Definitions to common terms used throughout our organization

What is Clinical Research?

The NIH definition of clinical research has three parts:

  • Patient-oriented research. Research conducted with human subjects (or on material of human origin such as tissues, specimens and cognitive phenomena) for which an investigator (or colleague) directly interacts with human subjects. Excluded from this definition are in vitro studies that utilize human tissues that cannot be linked to a living individual. Patient-oriented research includes: (a) mechanisms of human disease, (b) therapeutic interventions, (c) clinical trials, or (d) development of new technologies.
  • Epidemiologic and behavioral studies
  • Outcomes research and health services research

What is Translational Research?

Translational research is defined by the National Institutes of Health as:

  • The process of applying discoveries generated during research in the laboratory, and in preclinical studies, to the development of trials and studies in humans (as well as the process of applying bedside observations to inform bench to discoveries); and
  • Research aimed at enhancing the adoption of best practices in the community.
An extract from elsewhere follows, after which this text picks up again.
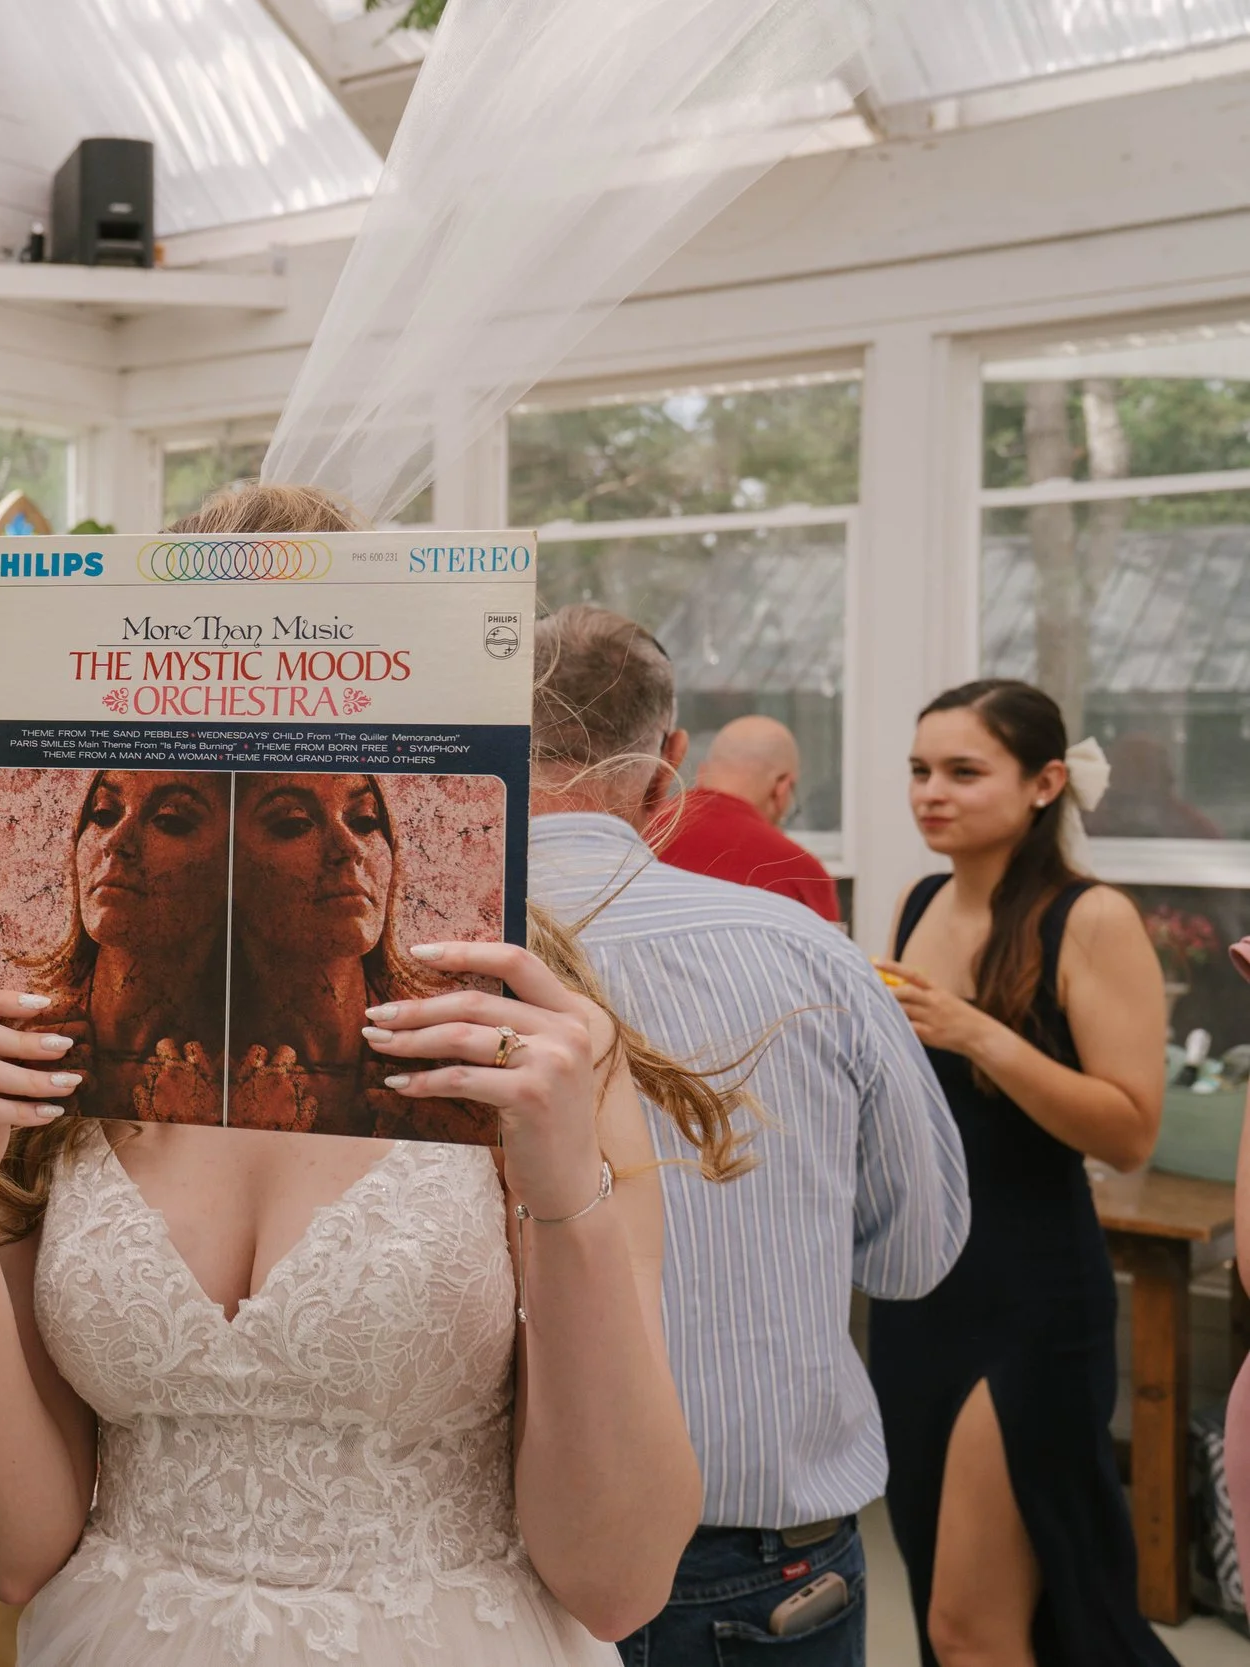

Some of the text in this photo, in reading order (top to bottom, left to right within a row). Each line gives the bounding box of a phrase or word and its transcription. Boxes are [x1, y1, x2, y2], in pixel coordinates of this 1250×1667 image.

In more everyday terms you might think of translational research as moving the research process through phases from bench to animal to human to guidelines development to public health and ultimately to population outcomes and global health.

CTSI Translational Continuum – T-Level Definitions



GOAL: To understand the human condition and environment as it exists

  • Focuses on understanding biological, social and behavioral mechanisms that underlie health or disease, defining mechanisms, targets, or lead molecules16
  • Studies mechanisms or derive modifications of cells, proteins, and DNA that are present in human disease processes1

  • The condition of humans, often a statement or declaration identifying a human status – e.g. “fMRI in Adults with Alzheimer’s” or “fMRI in Adults with Alzheimer’s and Depression”

  • T0 Examples of the human condition

  • Bio-markers, cells, proteins, DNA, tissues, chemistries
  • Physical assessments – radiology, laboratory, biopsy
  • Registries, surveys, data banks,
  • Natural histories, observations, patterns, classifications, correlations
  • Gene mappings, banking, sequencing

  • The environment in which humans exist, often the identification, creation, engineering, or analysis of environmental elements

  • T0 Examples of the human environment

  • “Bench science” or “Raw science”
  • Preclinical (Animal) models – “Proof of Mechanism”
  • Chemicals, molecules, devices, structures

  • Does not include interventions with human subjects or relationships that may alter the human condition or its environment

  • May or may not consider a particular disease process



GOAL: To identify and analyze the effects of an intervention or relationship on the human condition or environment

  • The effect of an intervention
    Example:  “fMRI in Adults with Alzheimer’s taking Aricept”
  • The effect of a relationship
    Example:  “fMRI in Adults with Alzheimer’s at Risk for Depression”
  • Phase I clinical trials – focus on safety and pharmacokinetics

  • Proof of Concept1
  • Healthy subjects or select population of patients
  • Small sample size
  • Tests for safety2

  • Produces novel methods of diagnosis, treatment, and prevention in humans
  • Studies with human participants that yield knowledge about human behavior, physiology, pathophysiology and the potential for intervention (i.e. diagnoses, therapies, etc.)2
  • Terms to keep in mind: relationship, patients, humans



GOAL: To identify and analyze the optimal effects of an intervention or relationship on the human condition or environment

  • The optimal effect of an intervention1
    Example: “Aricept Dose Based on fMRI in Adults with Alzheimer’s”
  • The optimal effect of a relationship
    Example: “Depression Identification using fMRI in Adults with Alzheimer’s”
  • Phase 2 clinical trials – focus on safety and efficacy1 (dose-response)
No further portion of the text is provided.